**EXERCISE DESCRIPTION**
Make an exact copy of all the records, one that contains none of the pictures.

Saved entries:
********

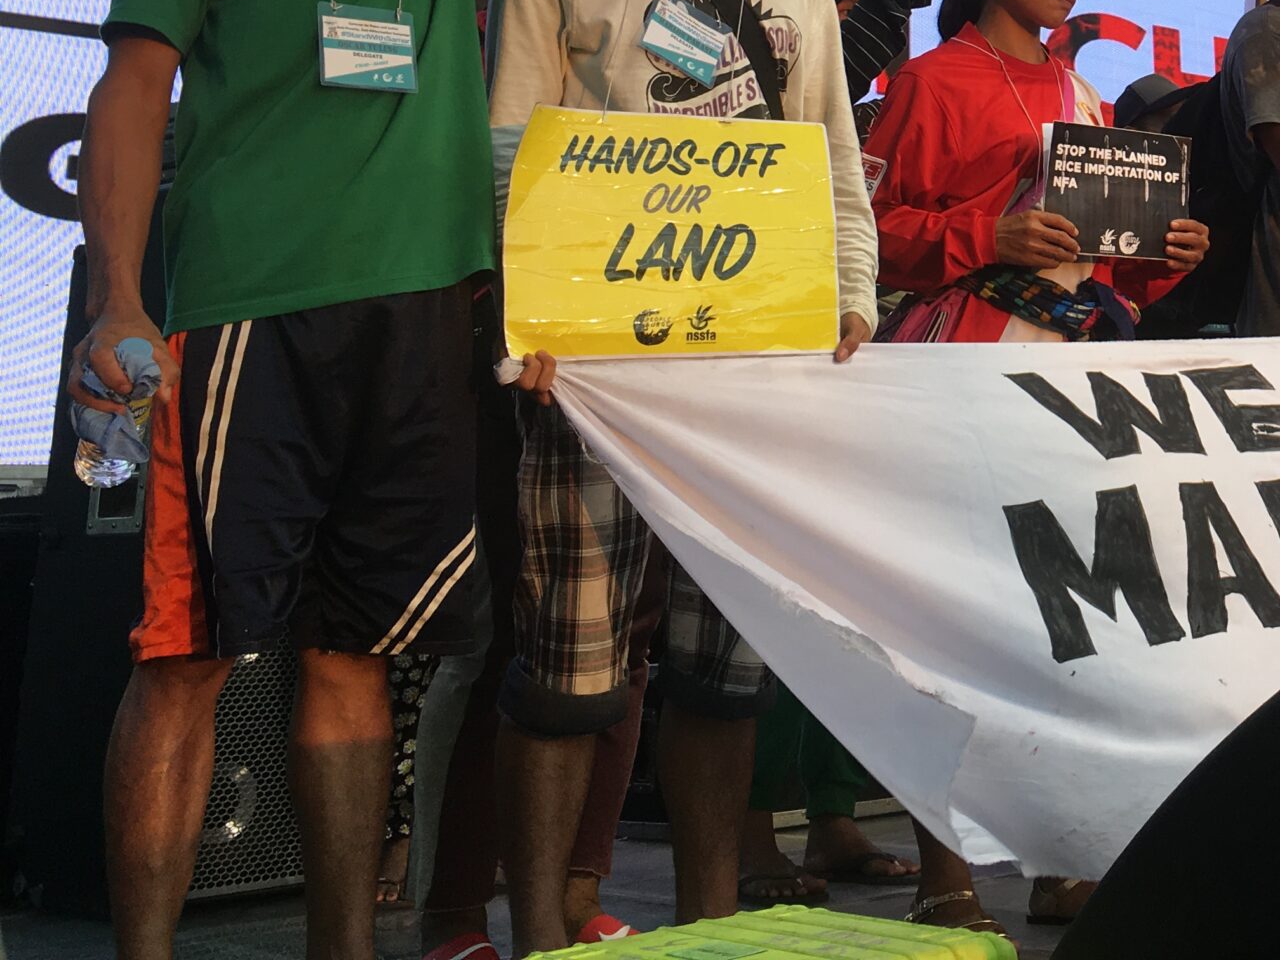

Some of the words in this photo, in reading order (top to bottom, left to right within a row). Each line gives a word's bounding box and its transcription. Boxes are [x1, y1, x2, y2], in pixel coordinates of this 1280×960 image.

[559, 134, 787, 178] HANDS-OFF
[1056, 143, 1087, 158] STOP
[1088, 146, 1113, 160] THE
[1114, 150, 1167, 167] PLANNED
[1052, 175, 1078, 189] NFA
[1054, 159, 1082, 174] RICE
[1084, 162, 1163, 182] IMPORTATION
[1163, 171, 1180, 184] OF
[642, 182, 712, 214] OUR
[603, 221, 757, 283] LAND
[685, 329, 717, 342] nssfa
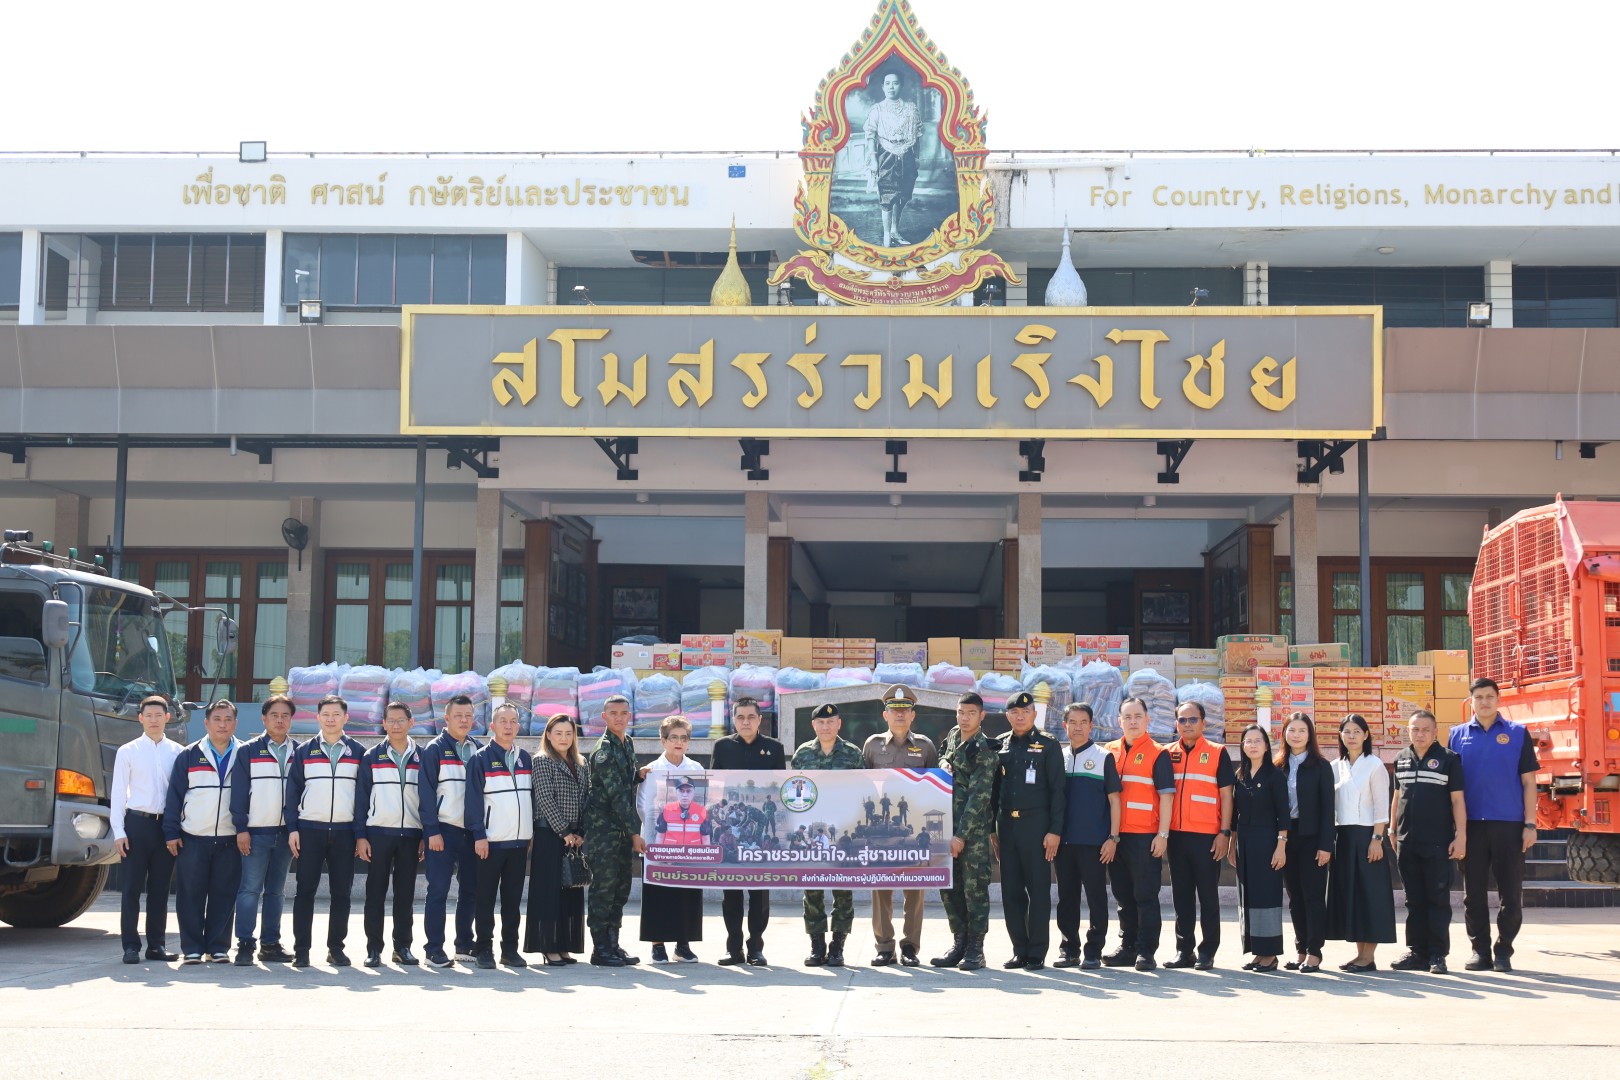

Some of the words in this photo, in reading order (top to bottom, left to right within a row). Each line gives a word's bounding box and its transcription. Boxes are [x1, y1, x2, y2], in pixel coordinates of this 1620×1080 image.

********

**SOLUTION FOR THIS TASK**
Some of the words in this photo, in reading order (top to bottom, left to right within a row). Each line gives a word's bounding box and its transcription. Boxes are [x1, y1, x2, y2], in pixel coordinates of this 1280×960 image.

[559, 134, 787, 178] HANDS-OFF
[1056, 143, 1087, 158] STOP
[1088, 146, 1113, 160] THE
[1114, 150, 1167, 167] PLANNED
[1052, 175, 1078, 189] NFA
[1054, 159, 1082, 174] RICE
[1084, 162, 1163, 182] IMPORTATION
[1163, 171, 1180, 184] OF
[642, 182, 712, 214] OUR
[603, 221, 757, 283] LAND
[685, 329, 717, 342] nssfa

Some of the words in this photo, in reading order (top to bottom, left to right within a row). Each line gives a word's bounding box and its transcription. Boxes are [x1, y1, x2, y2], in pixel coordinates of this 1620×1080 image.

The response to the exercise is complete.